Mike Hammer: „Diese Krise ist anders als die Sonderperiode, es gibt kein Venezuela mehr für Kuba.“



Wirtschaftskrise in Kuba (Referenzbild)Foto © CiberCuba

Der Leiter der US-Mission in Kuba, Mike Hammer, erklärte, dass die aktuelle Krise, die die Insel durchlebt, sich von der Sonderperiode in den 90er Jahren unterscheidet, da das Regime nicht mehr auf die Ölunterstützung Venezuelas zählen kann.

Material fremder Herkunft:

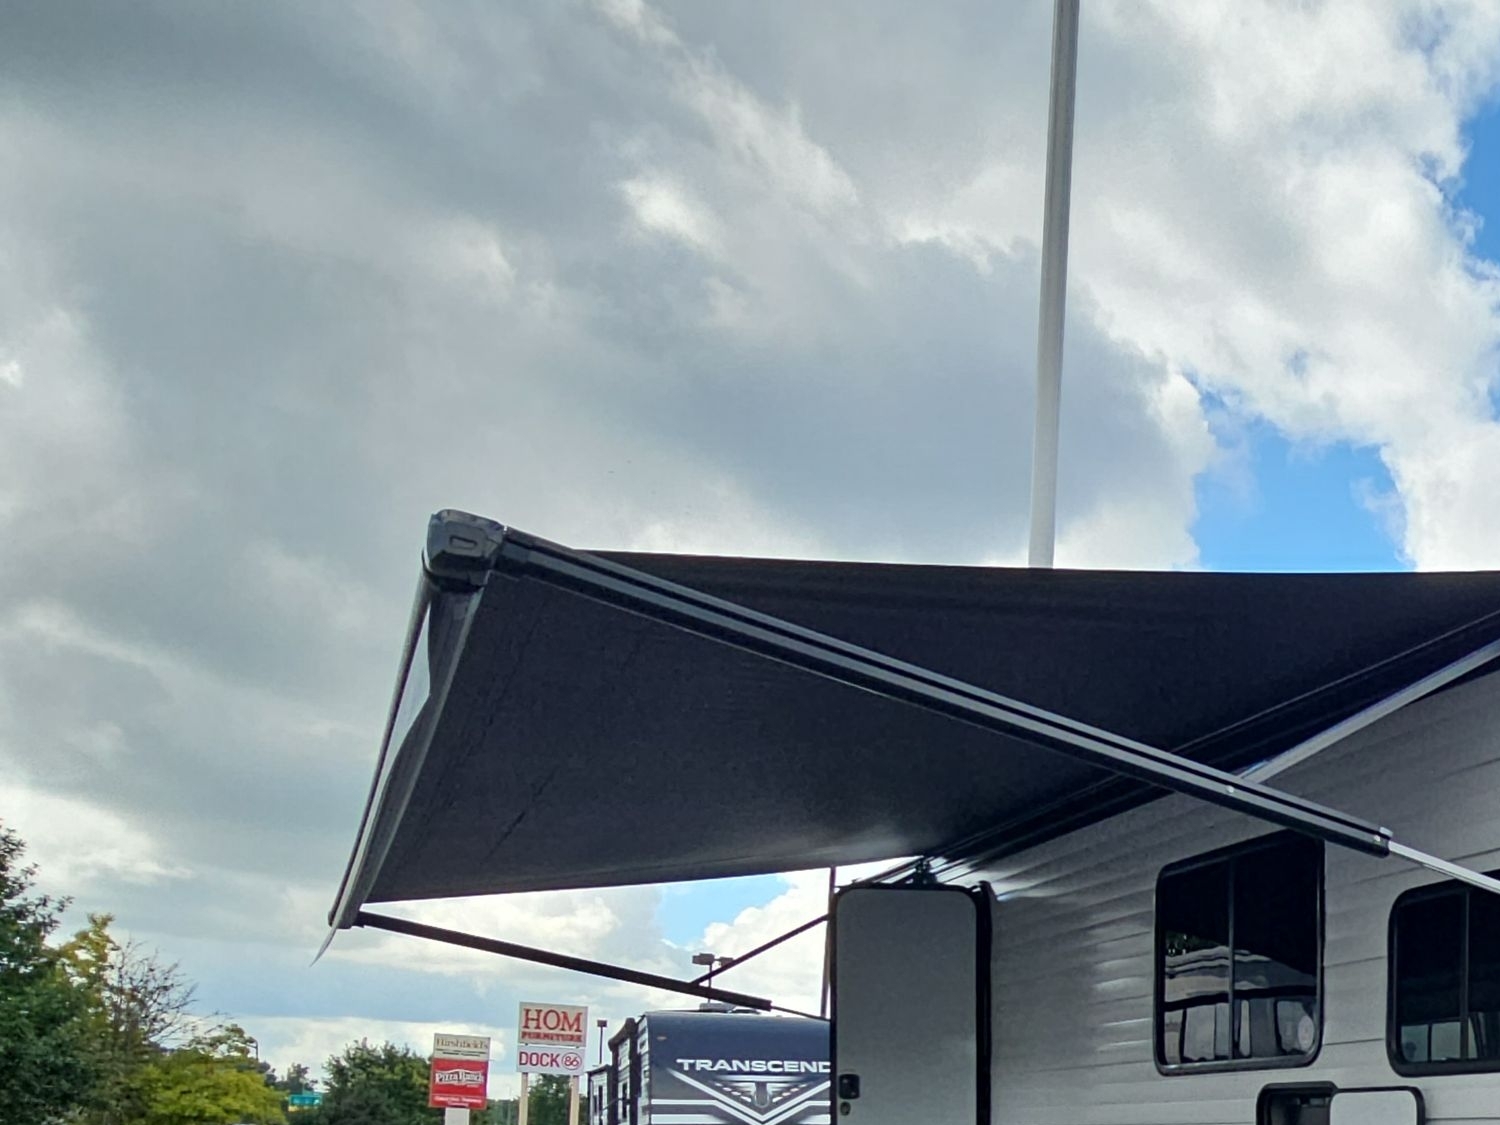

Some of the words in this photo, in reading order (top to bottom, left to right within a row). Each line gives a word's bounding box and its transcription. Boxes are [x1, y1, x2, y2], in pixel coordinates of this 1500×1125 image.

Die Äußerungen wurden in einem Interview mit Telemundo gemacht, wo er erklärte, dass Kuba nach dem Fall der Sowjetunion Jahre lang dank des von Hugo Chávez und später von Nicolás Maduro gesandten Öls überlebte, eine Unterstützung, die heute nicht mehr existiert.

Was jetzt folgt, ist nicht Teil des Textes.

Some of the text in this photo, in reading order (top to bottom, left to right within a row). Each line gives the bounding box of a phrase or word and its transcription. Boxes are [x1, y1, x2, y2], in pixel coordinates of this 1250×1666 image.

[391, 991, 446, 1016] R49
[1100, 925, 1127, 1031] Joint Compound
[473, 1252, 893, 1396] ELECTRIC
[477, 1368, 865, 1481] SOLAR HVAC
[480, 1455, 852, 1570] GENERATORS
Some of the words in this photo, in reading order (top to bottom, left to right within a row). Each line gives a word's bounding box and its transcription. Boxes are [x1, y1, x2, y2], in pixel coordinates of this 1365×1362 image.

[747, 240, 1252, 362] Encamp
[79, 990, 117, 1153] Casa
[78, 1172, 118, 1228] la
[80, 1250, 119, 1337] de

„Erinnerst du dich, dass nach den 90er Jahren ein gewisser Hugo Chávez nach Venezuela kam und für zwei Jahrzehnte diesem Öl einfluss gab?“, bemerkte Hammer.

„Und jetzt wer?“, fügte er hinzu und betonte, dass diese Quelle des äußeren Trostes verschwunden sei.

Laut dem US-Beamten hat die kubanische Revolution historisch von externen Subventionen profitiert, zunächst von der Sowjetunion und dann von Venezuela. Jetzt steht sie jedoch vor einem anderen Szenario, in dem es keinen Verbündeten gibt, der bereit ist, ihre Wirtschaft zu stützen.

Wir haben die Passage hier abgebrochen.